[What you need to do] Output exactly the lines spanning from the line containing "this 1600×1200 image." to the last line of the entries, inclusive.

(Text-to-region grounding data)
Content starts
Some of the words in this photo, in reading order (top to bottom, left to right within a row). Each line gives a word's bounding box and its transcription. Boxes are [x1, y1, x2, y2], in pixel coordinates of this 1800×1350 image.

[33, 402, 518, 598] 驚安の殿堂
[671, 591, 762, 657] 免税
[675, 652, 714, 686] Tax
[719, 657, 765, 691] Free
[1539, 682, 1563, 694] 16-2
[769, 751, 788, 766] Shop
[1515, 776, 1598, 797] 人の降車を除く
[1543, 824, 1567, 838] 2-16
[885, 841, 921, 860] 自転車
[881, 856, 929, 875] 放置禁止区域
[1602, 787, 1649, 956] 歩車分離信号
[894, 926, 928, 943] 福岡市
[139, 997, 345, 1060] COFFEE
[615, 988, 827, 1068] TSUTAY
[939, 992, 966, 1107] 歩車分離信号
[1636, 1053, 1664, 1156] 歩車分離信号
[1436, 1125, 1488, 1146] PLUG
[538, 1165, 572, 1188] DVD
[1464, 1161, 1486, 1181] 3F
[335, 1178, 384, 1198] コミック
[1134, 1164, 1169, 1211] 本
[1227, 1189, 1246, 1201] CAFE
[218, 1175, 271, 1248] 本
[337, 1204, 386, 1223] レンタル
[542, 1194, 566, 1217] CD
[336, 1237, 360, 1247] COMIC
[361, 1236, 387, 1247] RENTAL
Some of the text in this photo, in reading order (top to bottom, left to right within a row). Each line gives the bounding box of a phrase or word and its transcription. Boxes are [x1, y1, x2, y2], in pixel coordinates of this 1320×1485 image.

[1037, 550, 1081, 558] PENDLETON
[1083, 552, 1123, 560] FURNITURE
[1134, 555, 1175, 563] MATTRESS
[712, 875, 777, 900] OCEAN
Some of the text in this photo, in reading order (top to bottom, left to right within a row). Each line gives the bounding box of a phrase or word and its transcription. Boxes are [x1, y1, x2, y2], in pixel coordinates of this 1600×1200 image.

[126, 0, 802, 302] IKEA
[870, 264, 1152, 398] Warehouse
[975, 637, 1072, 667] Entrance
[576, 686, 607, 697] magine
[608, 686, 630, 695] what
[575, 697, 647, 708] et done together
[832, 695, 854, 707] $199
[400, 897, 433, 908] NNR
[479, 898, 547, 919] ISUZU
Content ends
[Output for this exercise]
Some of the text in this photo, in reading order (top to bottom, left to right within a row). Each line gives the bounding box of a phrase or word and its transcription. Boxes are [x1, y1, x2, y2], in pixel coordinates of this 1600×1200 image.

[126, 0, 802, 302] IKEA
[870, 264, 1152, 398] Warehouse
[975, 637, 1072, 667] Entrance
[576, 686, 607, 697] magine
[608, 686, 630, 695] what
[575, 697, 647, 708] et done together
[832, 695, 854, 707] $199
[400, 897, 433, 908] NNR
[479, 898, 547, 919] ISUZU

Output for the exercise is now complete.